I asked if he wanted to sell.
"There's nothing to really sell."
He asked if I'd come in and help.
"Will you pay me as a company?"
So from November to June I worked for his company (hiring, going to the recesses, scheduling) and got paid as a business—giving my book-writing operation resources to grow. (I kept my serving job at night to pay my own bills.)
But sometime this past spring, after 10 years of lunch/recess programming, he decided this would be his last semester. Then I, acting as my own small business, put out some proposals to try to get an account or two of my own.
Starting August 6, Socially Acceptable will be a vendor for one elementary. I, along with 1-2 employees, will go to the school during recess and play games with students.
This is a game changer.
Meanwhile, this past spring, I put on a 6-week writing workshop at a women's center. The classes encouraged students to put their incredible stories on paper. It was very moving.
After the workshop's run, the director asked if I'd write a reading assessment test so her women could understand their own reading levels.
This, too, was a game changer.
I dove in, thinking it'd only take a month. Ha.
I wrote the assessment test, but learned there's so much more to it: a reading scale ("this student reads at a 5th grade level"), a teacher's guide, a way to measure progress, the actual learning materials, and practice exercises/worksheets.
Regardless of my naivete about the time frame, I went all in and started selling World's Finest Chocolate to support the program's development.
At the same time I began selling these bars, I read (part of) a book on business models. Hmmm...new thoughts formed: "I no longer have to be a local author who pounds the pavement until my shoes wear out. I can position my operation anyplace there's reading and writing."
After a few hot days selling bars outside coffee shops, I assembled these boxes:
And tied a fortune cookie-like message to each bar:
Hmm....business models...being wherever there's reading and writing...a cause...curriculum...a vehicle for marketing...
My self-worth has changed a lot lately. "Maybe I'm worth it. Maybe I'm enough," I've been telling myself. Generic? Sure. Authentic? Yes.

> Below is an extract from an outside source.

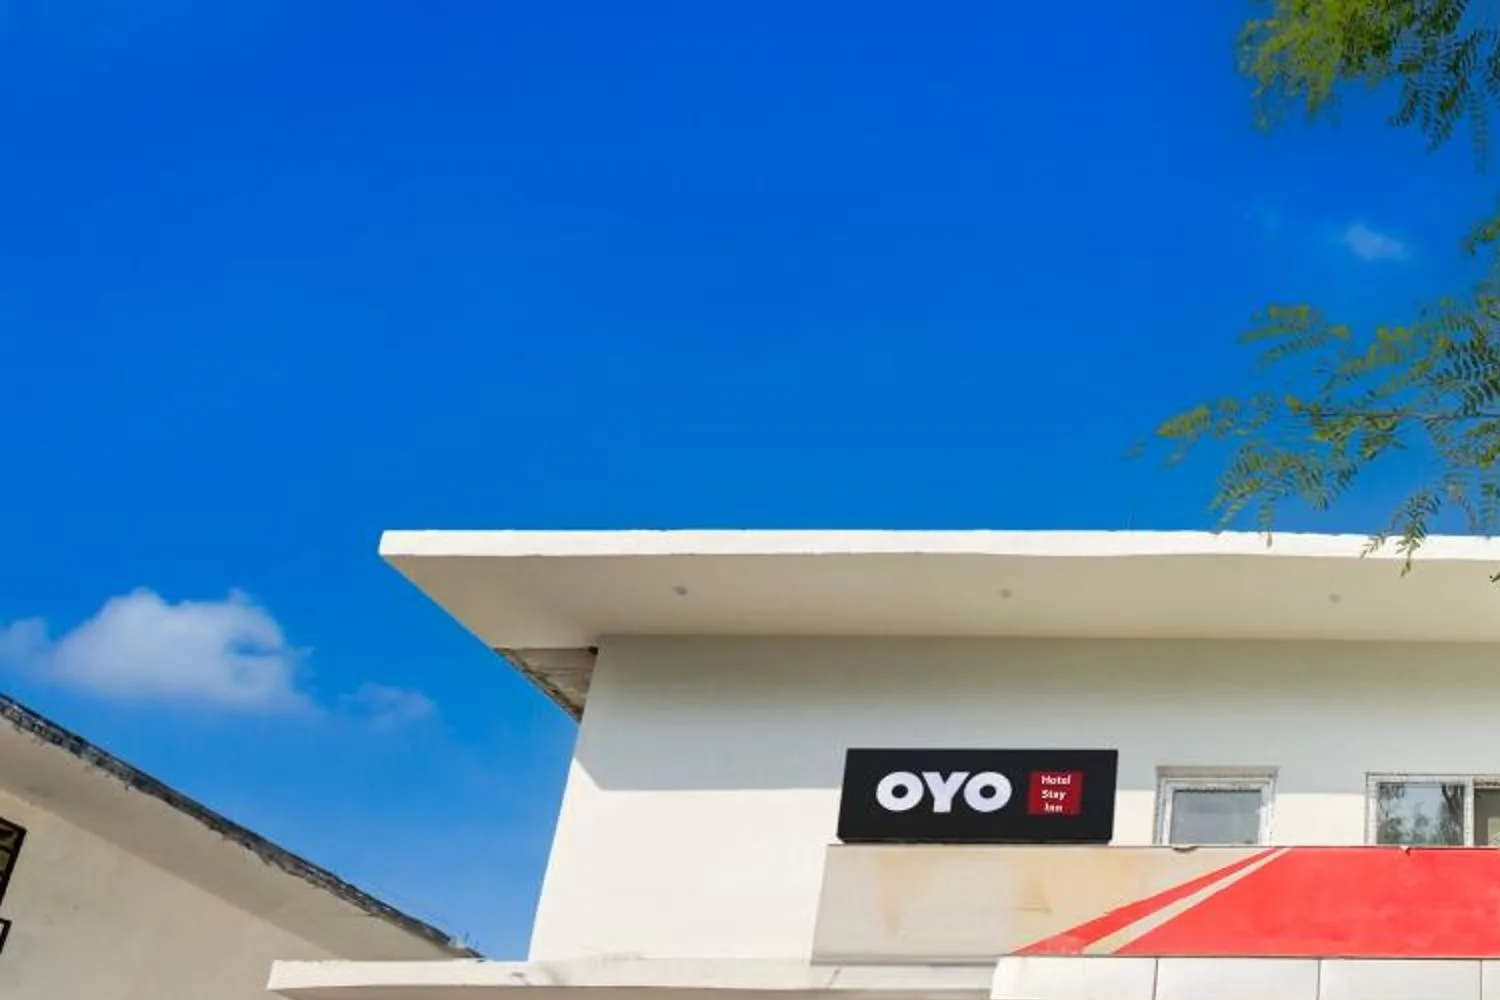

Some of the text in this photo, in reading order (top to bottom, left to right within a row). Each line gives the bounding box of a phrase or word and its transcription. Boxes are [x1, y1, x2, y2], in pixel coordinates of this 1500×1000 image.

I'm the poster boy for overcoming psychological garbage, pulling out the demons, and changing myself at the deepest layer. I used to be a really messed-up person. I went through every stage to change: anger, sadness, emotional breakdowns, being a douche, guilt, pain, brain changes, therapy, breaking up with family members, pursuing a passion, and getting out of my comfort zone. It was exhaustive, time-consuming, and downright messy. I didn't ask for this path, but I've recently accepted it as my calling. I was born into it.
That acceptance changes my point-of-view of the world. It allows me to accept others and not project my inferiority complex onto them.
I've healed in the most honest way possible.
And now I'm meeting people who are getting away from narcissists, reinventing their lives, and getting to the core of themselves.
I accept I'm a model, and that acceptance breeds evolution.
Thank you for supporting me on this journey. The donations, the dinners, the sales, the reviews, the emotional warmth, and the likes and shares were my lifeblood. I appreciate them and you. Thank you, even to the people who dislike me. Good for you. There's something in there—play with it.
I love you. The next chapter awaits.